**What the task asks:** What is needed is an exact transcription of every record, minus the pictures.

Start of Block

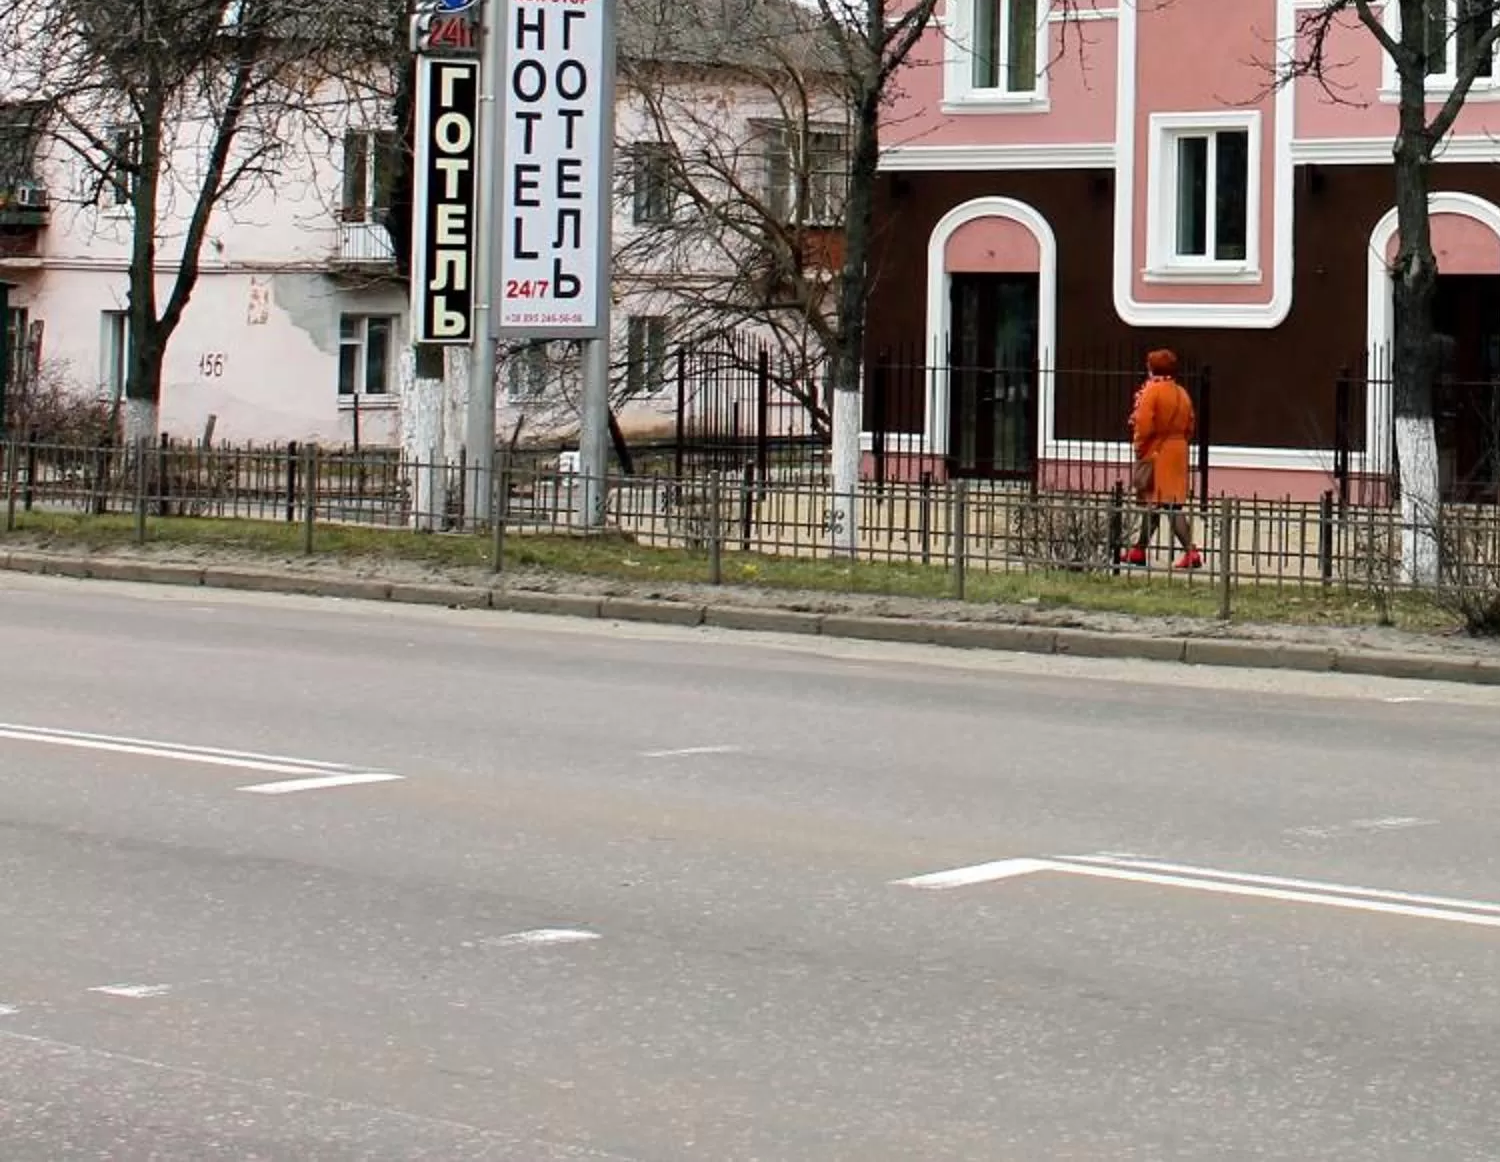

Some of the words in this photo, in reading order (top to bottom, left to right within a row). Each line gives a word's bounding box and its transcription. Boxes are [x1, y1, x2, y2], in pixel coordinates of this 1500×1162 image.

[429, 67, 472, 338] ГОТЕЛЬ
[512, 7, 547, 260] HOTEL
[552, 9, 588, 299] ГОТЕЛЬ
[506, 280, 549, 299] 24/7
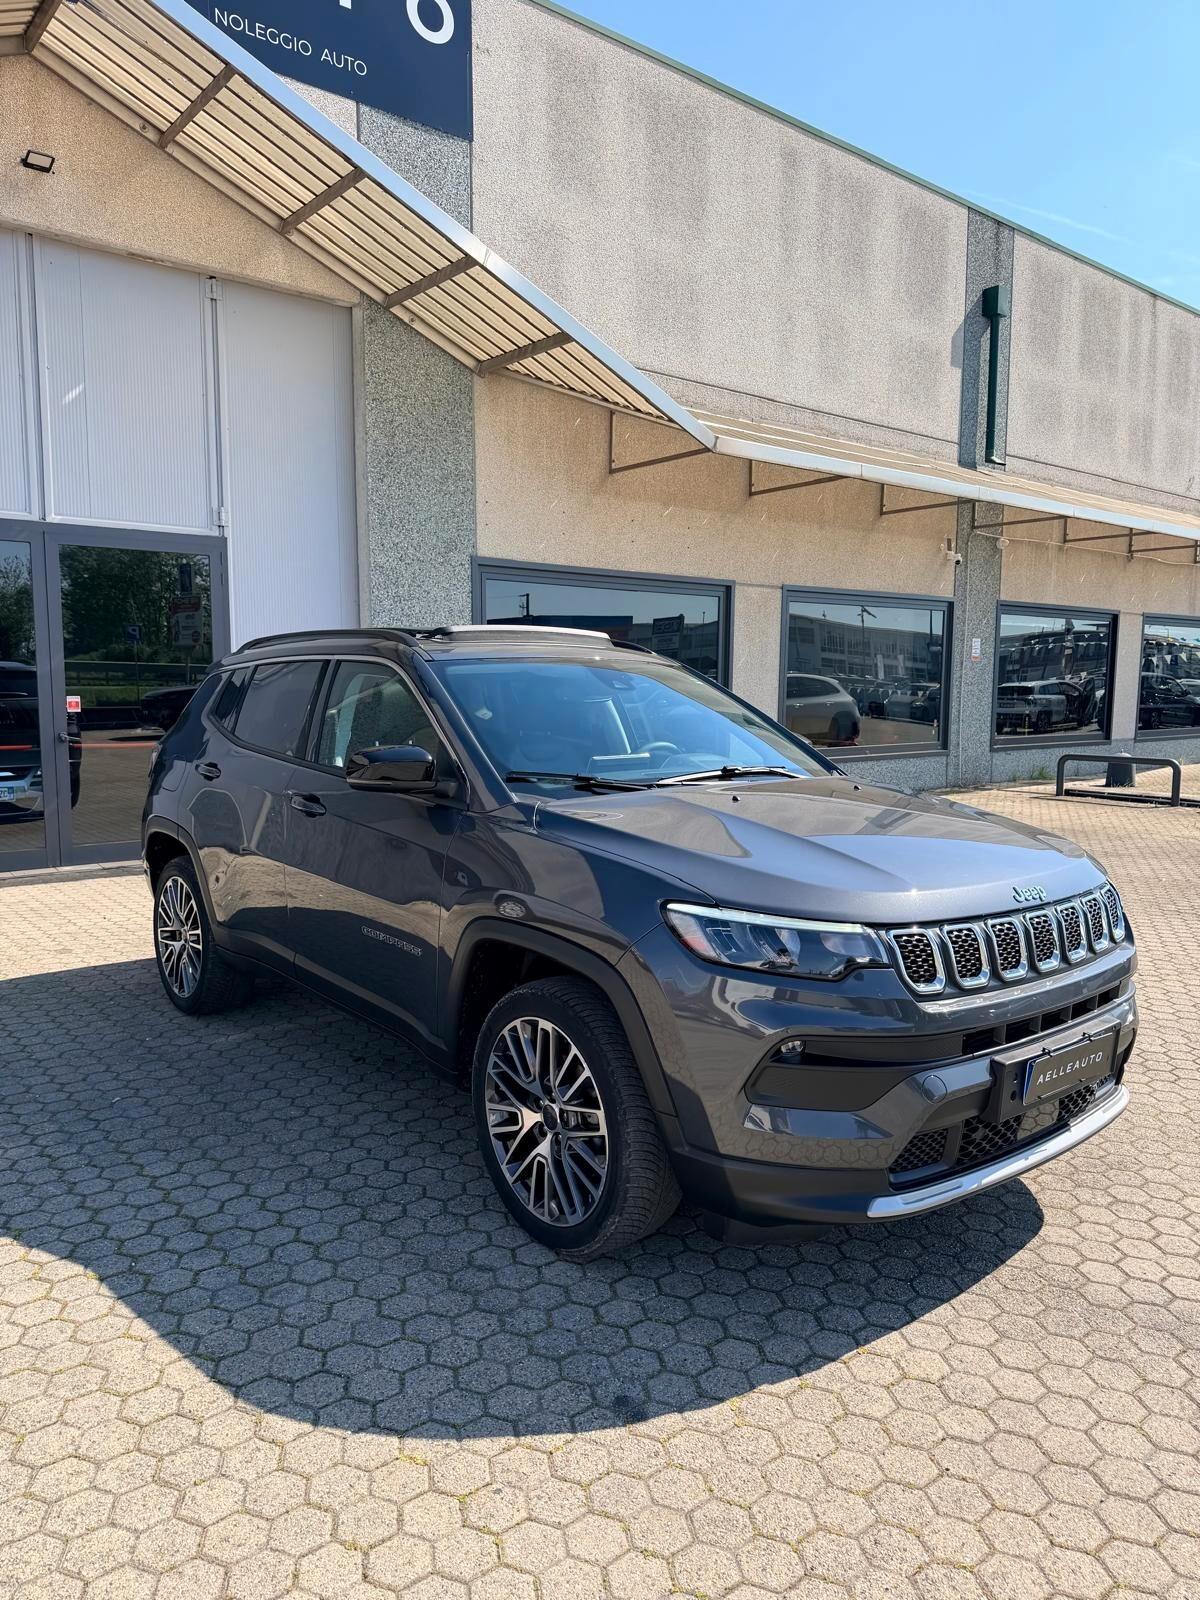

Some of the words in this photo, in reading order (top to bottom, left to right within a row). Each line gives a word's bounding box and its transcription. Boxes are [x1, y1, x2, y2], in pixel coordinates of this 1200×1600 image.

[214, 7, 312, 56] NOLEGGIO
[320, 48, 367, 76] AUTO
[1012, 886, 1047, 903] Jeep
[361, 925, 422, 957] COMPASS
[1036, 1051, 1103, 1086] AELLEAUTO

End of Block

**Result of the task:**
Some of the words in this photo, in reading order (top to bottom, left to right within a row). Each line gives a word's bounding box and its transcription. Boxes are [x1, y1, x2, y2], in pixel coordinates of this 1500×1162 image.

[429, 67, 472, 338] ГОТЕЛЬ
[512, 7, 547, 260] HOTEL
[552, 9, 588, 299] ГОТЕЛЬ
[506, 280, 549, 299] 24/7

Some of the words in this photo, in reading order (top to bottom, left to right within a row). Each line gives a word's bounding box and its transcription. Boxes are [x1, y1, x2, y2], in pixel coordinates of this 1200×1600 image.

[214, 7, 312, 56] NOLEGGIO
[320, 48, 367, 76] AUTO
[1012, 886, 1047, 903] Jeep
[361, 925, 422, 957] COMPASS
[1036, 1051, 1103, 1086] AELLEAUTO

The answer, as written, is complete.